The corporals - both surnamed Lee, aged 23 and 21 - were found dead at the older Lee’s apartment in Dongjak District, southwestern Seoul, at around 10:30 p.m. Monday.
They hanged themselves from a laundry poll on a veranda and were discovered by the elder Lee’s sister, who reported the deaths to the police.
There was no suicide note, but the younger Lee left a message on a notepad app of his smartphone that read, “I won’t give a long message. It’s been too difficult so far. Sorry.”
He also mentioned the name of his superior officer with a profanity.
The elder Lee started a nine-day leave on Aug. 3 and the younger Lee started a shorter leave on Aug. 6. They were supposed to return to their unit by Monday and today.
Having trouble adjusting to their compulsory military duty, both were already undergoing psychological counseling. The elder Lee was classified as a soldier in need of Grade B attention, whereas the younger Lee needed Grade A attention, which made him a more severe case. The younger man had a record of attempting to desert from the Army last November.
“It is true that both Lees were categorized as being in need of special care,” said Lt. Col. Lee Jun-beom in a briefing. “The exact cause of the incident will come out only after an investigation.”
Another Army official said the two men did not appear to have direct ties with the fatal physical abuse of a private from the same division who died in April and whose case was originally covered up.
The 23-year-old private surnamed Yun died on April 6 after being beaten and sexually humiliated by his superiors in the barracks, according to the Center for Military Human Rights, a human rights group.

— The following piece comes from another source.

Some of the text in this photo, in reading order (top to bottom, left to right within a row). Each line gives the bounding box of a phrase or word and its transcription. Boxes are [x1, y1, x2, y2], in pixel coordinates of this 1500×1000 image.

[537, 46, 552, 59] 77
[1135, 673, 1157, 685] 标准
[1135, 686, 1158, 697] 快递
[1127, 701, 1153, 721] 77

For weeks, the Army said he died after choking on food.
An Army investigation team is looking into whether there was any abuse or violence imposed on the Lees or whether they were being investigated as bullies themselves. In the wake of the Yun scandal, the Army is cracking down on bullies and some fear the crackdown could be too brutal.

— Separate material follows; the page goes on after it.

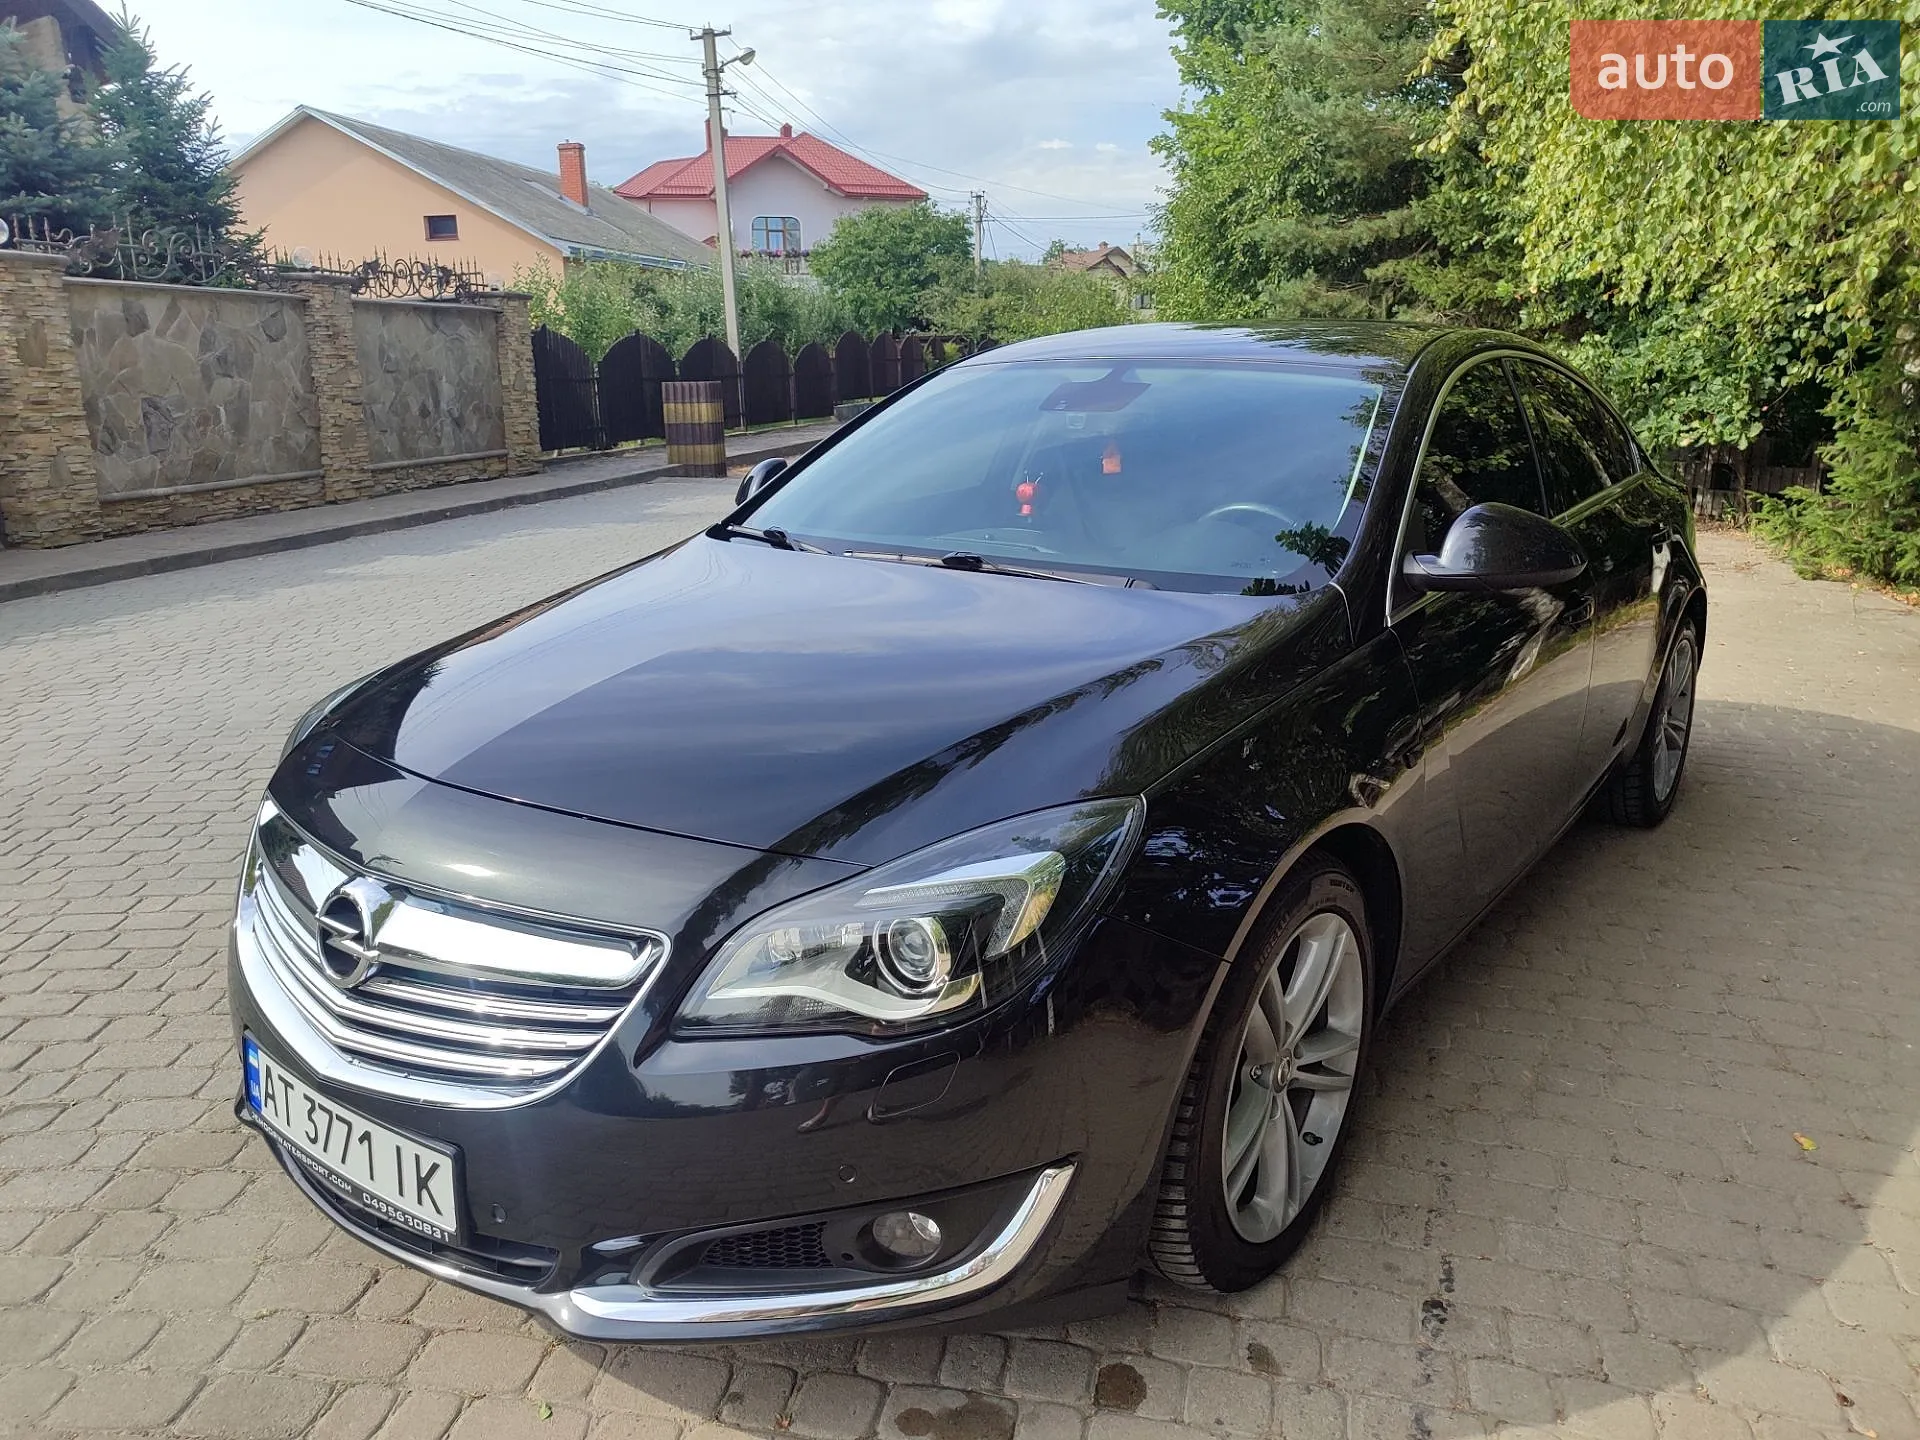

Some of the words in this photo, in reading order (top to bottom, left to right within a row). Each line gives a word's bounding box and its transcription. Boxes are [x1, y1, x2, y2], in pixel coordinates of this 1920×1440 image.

[264, 1064, 294, 1128] AT
[303, 1093, 375, 1181] 3771
[395, 1144, 443, 1216] IK
[362, 1192, 449, 1242] 0495630831

The two corporals showed a history of counseling in the military. A personality test taken on May 2 by the elder Lee, who transferred to the 28th Division last October, showed he had the potential to kill himself. He went through several rounds of therapy and counseling at his unit since the test.
The younger Lee moved to the 28th Division last September and the Army went so far as to consider discharging him because of his psychological state in June. He had confessed to suicidal thoughts.
But his mother opposed the plan and encouraged her son to stay on. There is a tendency in Korea to believe mandatory military duty is an opportunity for men to “develop as adults in a true sense” and to “be ready to advance into society.”
The 28th Division has been mired in scandals for decades. In 1985, a private surnamed Park randomly shot fellow soldiers after his superiors abused him. He was executed. A private first class surnamed Kim went on a shooting spree at a guard post in 2005 that killed eight and injured four. He was sentenced to death but still remains behind bars because Korea stopped executions in 1997. In 2012, an armed military officer ran away from the division to Jangseong, South Jeolla, 350 kilometers away, and shot himself to death.
The 28th Division was initially established in Nonsan, South Chungcheong, in November 1953, four months after the 1950-53 Korean War armistice agreement. Following four relocations, it settled in the current spot in 1966, covering the demilitarized zone of the mid-western front in the Yeoncheon area.
Experts point to the work environment as a main reason for its frequent troubles. Due to its isolated location on the front line, groups of soldiers in small numbers are physically isolated and are under severe stress from having to stand guard near the border.
The soldiers also guard the Imjin River as its military demarcation line. The fact that they operate in small groups makes it hard for the commander to monitor and take care of each soldier.
“All soldiers operating at front-line divisions have a high level of stress, but the 28th Division has gone through numerous operations to capture spies, which makes it even more stressful,” said an Army official familiar with the division.
The division’s location in the middle of a plain has allowed infiltration of North Korean spies and soldiers. The division shot to death 63 spies in 44 operations in its 51-year history.